Associate Justice of the Sandiganbayan
- Incumbent
- Assumed office May 5, 2015
- Appointed by: Benigno Aquino III
- Preceded by: Gregory Ong

Personal details
- Born: May 14, 1969 (age 56) Philippines
- Alma mater: Ateneo School of Law Asian Institute of Management (MBA)
- Occupation: Judge
- Profession: Lawyer

= Sarah Jane Fernandez =

Filipino jurist

Sarah Jane T. Fernandez (born May 14, 1969) is a Filipino lawyer, academic, and jurist who currently serves as an Associate Justice of the Sandiganbayan, the Philippines’ anti-graft court. She was appointed to the post in May 5, 2015 by President Benigno Aquino III, succeeding Associate Justice Gregory Ong, who was dismissed from office by the Supreme Court in 2014.

== Career ==
Before her appointment to the Sandiganbayan, Fernandez spent more than two decades at the Office of the Solicitor General (OSG).
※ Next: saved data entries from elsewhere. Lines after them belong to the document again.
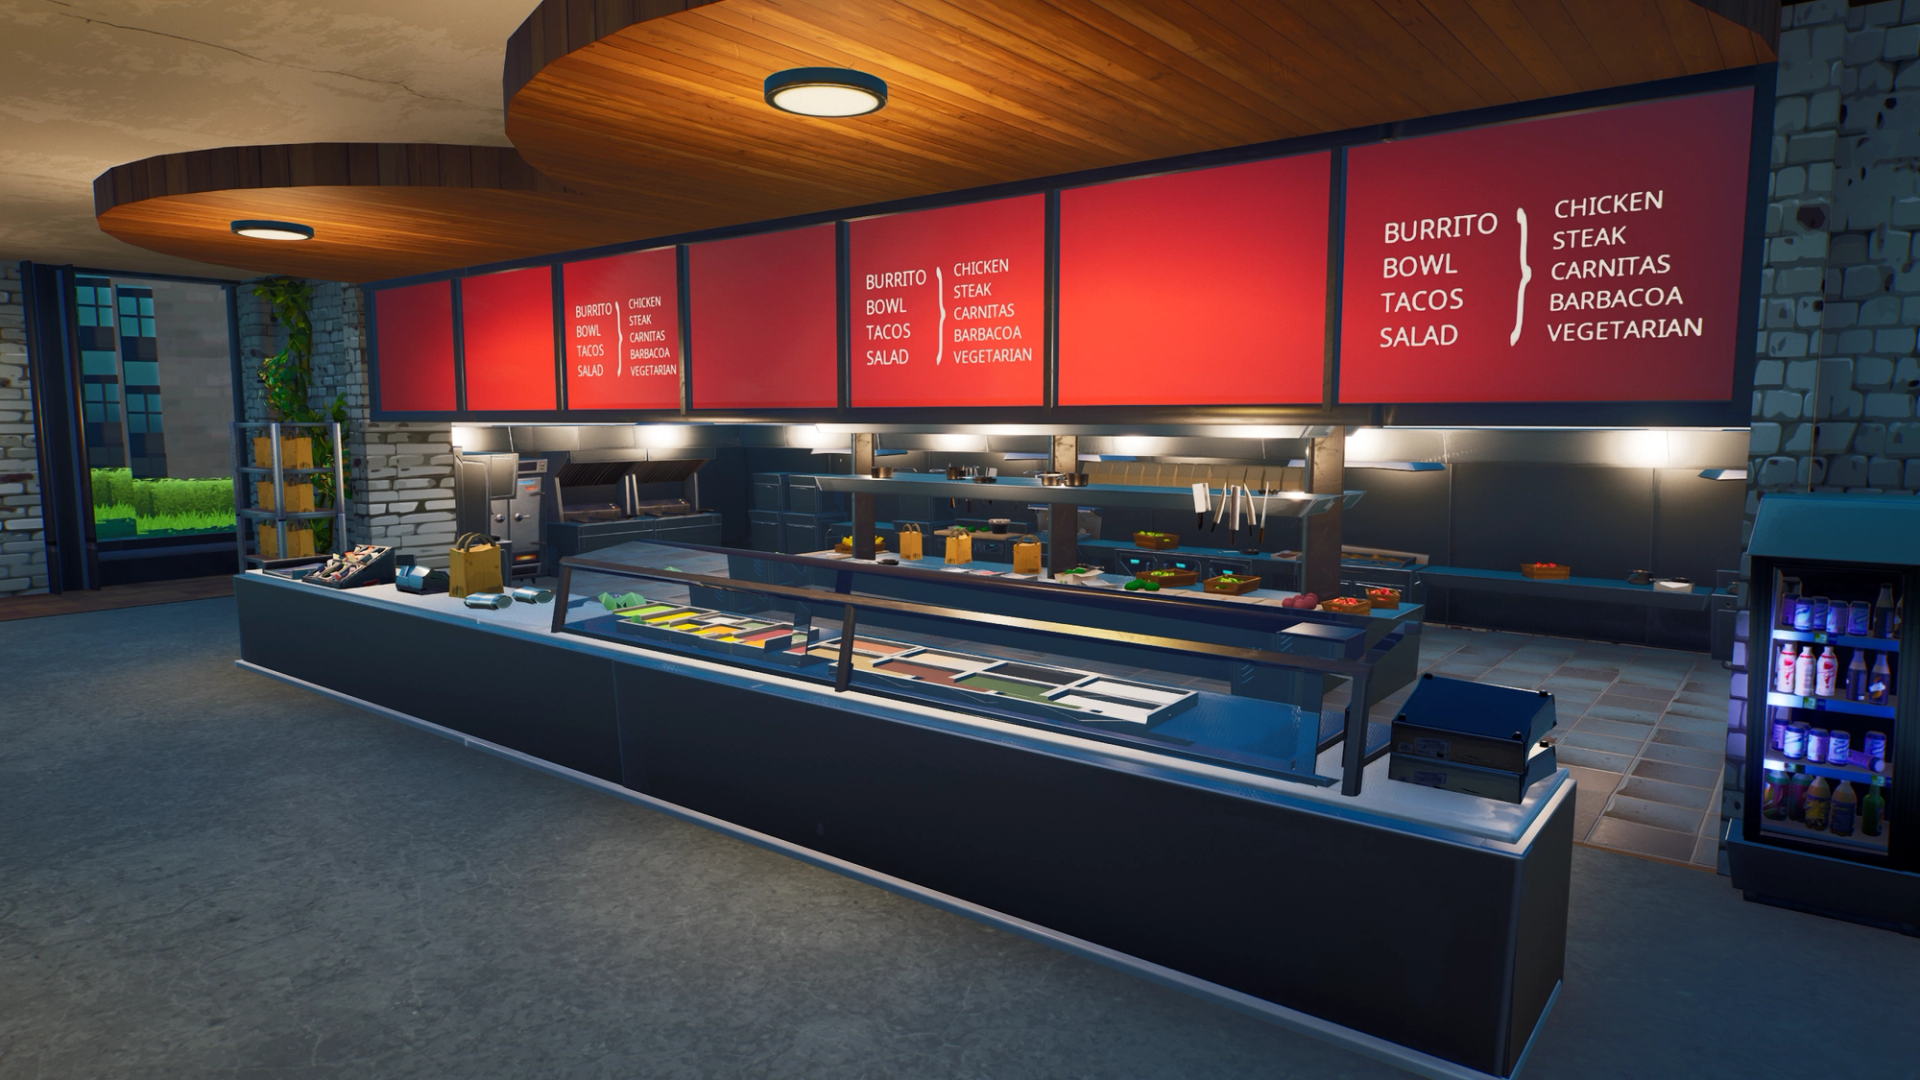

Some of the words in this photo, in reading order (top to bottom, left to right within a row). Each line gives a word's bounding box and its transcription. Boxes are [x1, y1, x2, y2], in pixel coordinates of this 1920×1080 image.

[1554, 189, 1665, 219] CHICKEN
[1384, 212, 1498, 244] BURRITO
[1552, 225, 1627, 250] STEAK
[953, 258, 1009, 276] CHICKEN
[1383, 252, 1458, 279] BOWL
[1551, 253, 1671, 281] CARNITAS
[865, 269, 927, 290] BURRITO
[954, 282, 992, 298] STEAK
[1549, 285, 1684, 311] BARBACOA
[628, 296, 661, 309] CHICKEN
[866, 297, 907, 315] BOWL
[1381, 287, 1464, 313] TACOS
[575, 303, 613, 318] BURRITO
[953, 304, 1016, 321] CARNITAS
[629, 314, 652, 326] STEAK
[576, 324, 601, 338] BOWL
[629, 330, 666, 343] CARNITAS
[866, 322, 912, 340] TACOS
[953, 326, 1022, 342] BARBACOA
[1379, 323, 1459, 348] SALAD
[1547, 317, 1704, 343] VEGETARIAN
[577, 344, 604, 357] TACOS
[630, 347, 670, 360] BARBACOA
[866, 348, 910, 365] SALAD
[953, 347, 1033, 363] VEGETARIAN
[578, 364, 604, 377] SALAD
[630, 364, 677, 377] VEGETARIAN
She began her career as a Trial Attorney I and rose through the ranks, eventually being appointed as Assistant Solicitor General in 2006.
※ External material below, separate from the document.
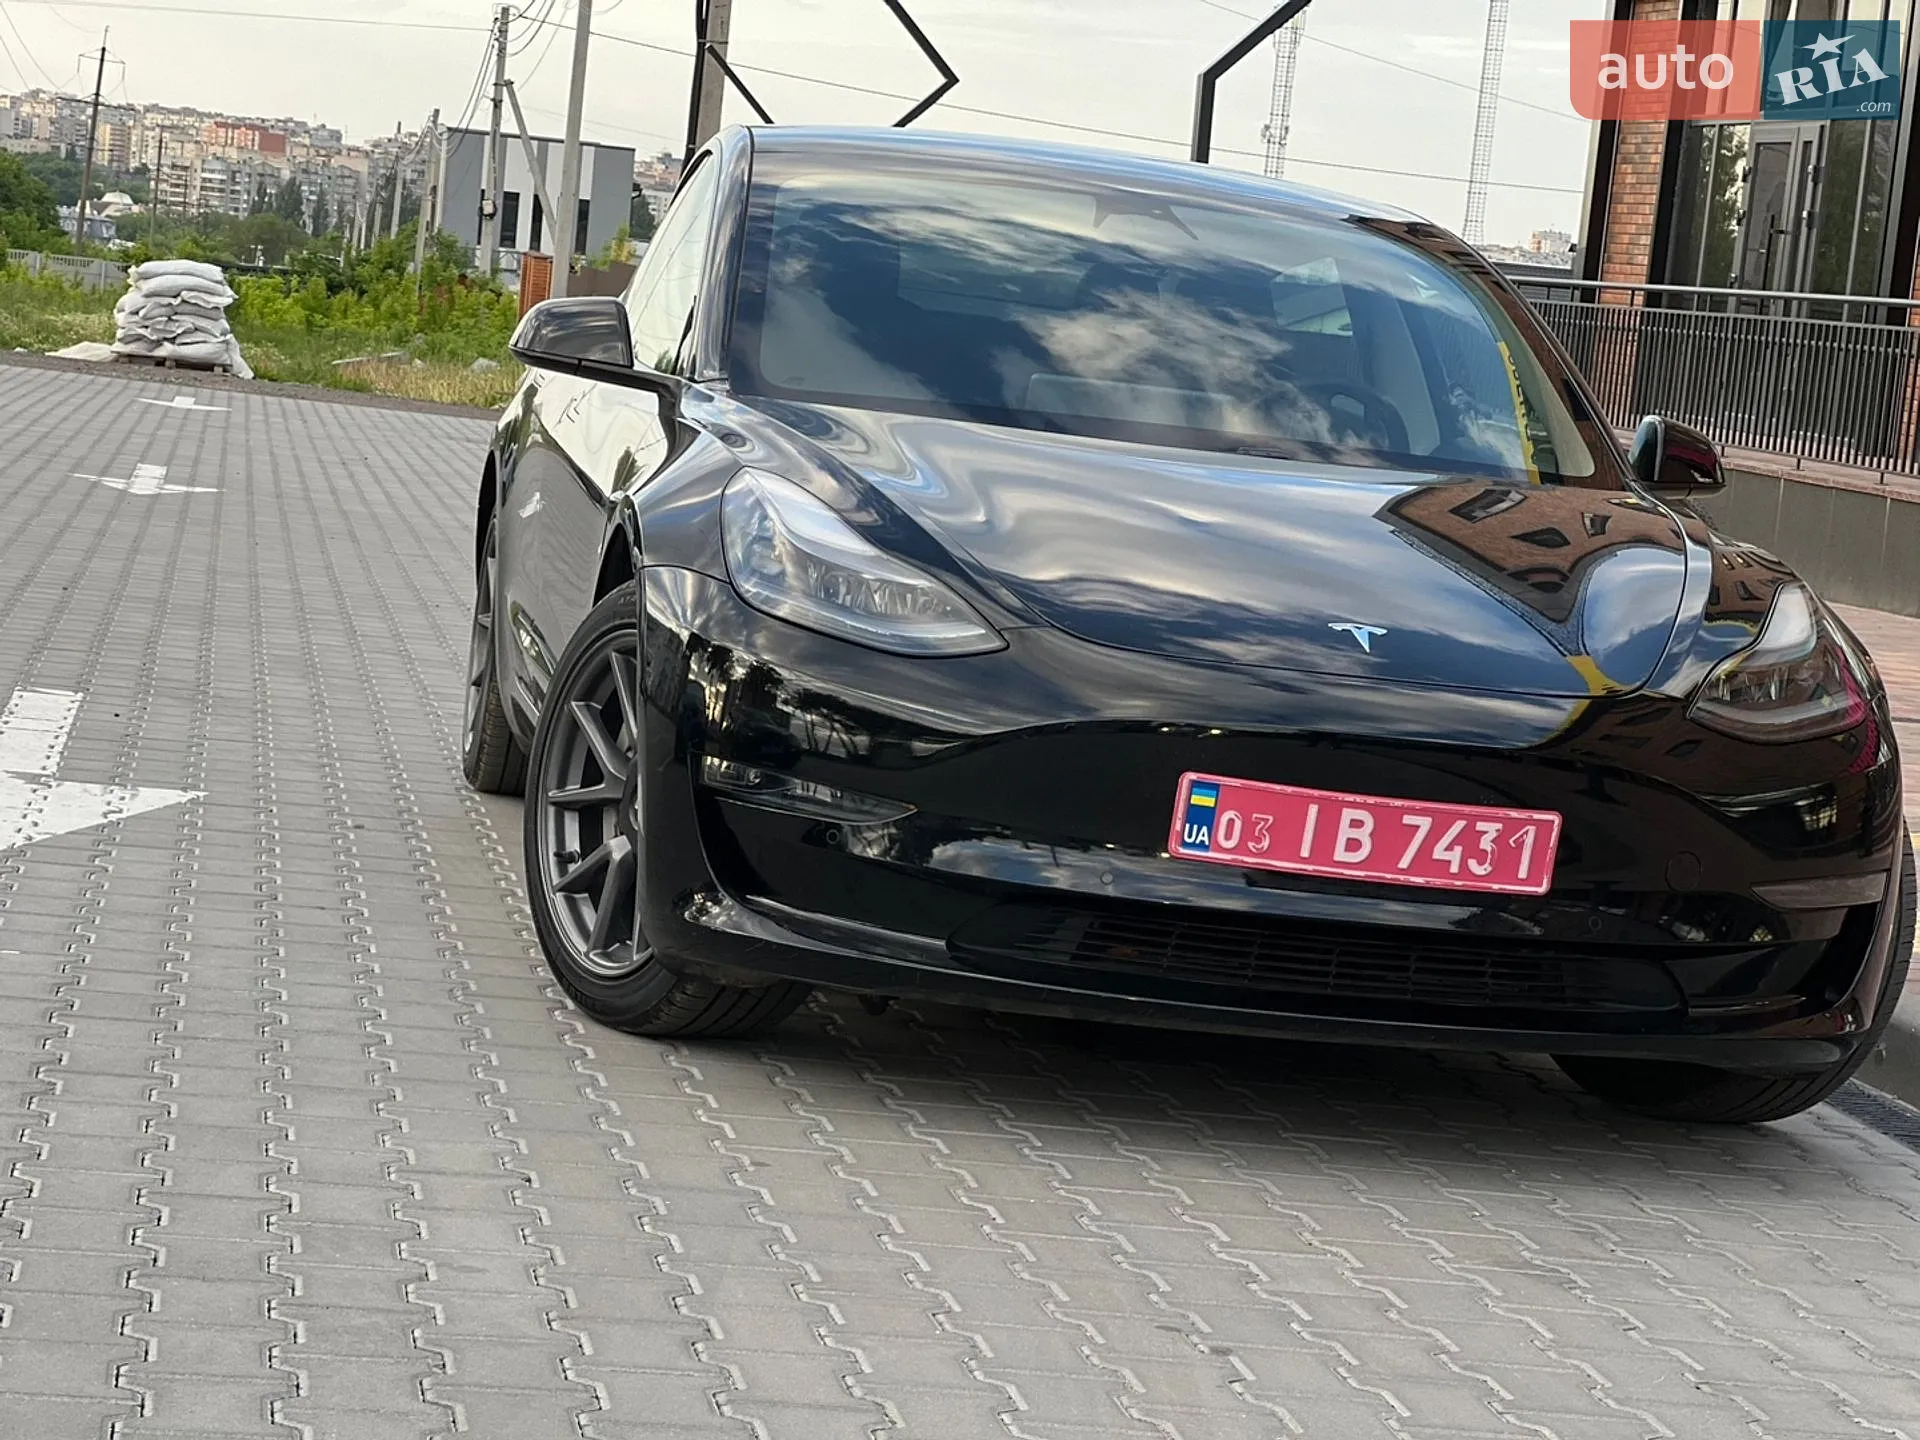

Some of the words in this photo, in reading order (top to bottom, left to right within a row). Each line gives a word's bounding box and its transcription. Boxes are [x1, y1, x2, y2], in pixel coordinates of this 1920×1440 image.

At the OSG, she handled high-profile cases involving the alleged ill-gotten wealth of former President Ferdinand Marcos and his cronies. Fernandez was also part of the Philippine legal team in the arbitration case filed against China before the Permanent Court of Arbitration concerning territorial disputes in the West Philippine Sea.

== Appointment to the Sandiganbayan ==
On May 9, 2015, Malacañang announced the appointment of Fernandez as Associate Justice of the Sandiganbayan to replace Justice Gregory Ong. She was assigned as the junior member of the court’s Third Division chaired by then Presiding Justice Amparo Cabotaje-Tang.
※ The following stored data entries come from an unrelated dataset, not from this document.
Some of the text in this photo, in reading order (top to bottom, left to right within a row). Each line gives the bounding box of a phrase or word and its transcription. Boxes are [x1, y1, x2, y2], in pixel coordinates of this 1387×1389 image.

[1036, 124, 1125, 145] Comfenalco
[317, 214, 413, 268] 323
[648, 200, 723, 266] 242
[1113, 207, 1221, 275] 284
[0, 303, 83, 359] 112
Her first assignment as justice was to sit as a substitute in the Fifth Division’s hearing on Jinggoy Estrada’s petition to post bail for plunder, as Justice Alexander Gesmundo was on leave.

The Third Division, where Fernandez was later formally assigned, also handled the plunder case against businesswoman Janet Lim-Napoles in connection with the multibillion-peso pork barrel scam.

== Education and academic career ==
Fernandez is a graduate of the Ateneo School of Law. She later obtained a Master’s Degree in Business Administration from the Asian Institute of Management.

In addition to her government service, Fernandez has taught Taxation Law at the University of Santo Tomas Faculty of Civil Law.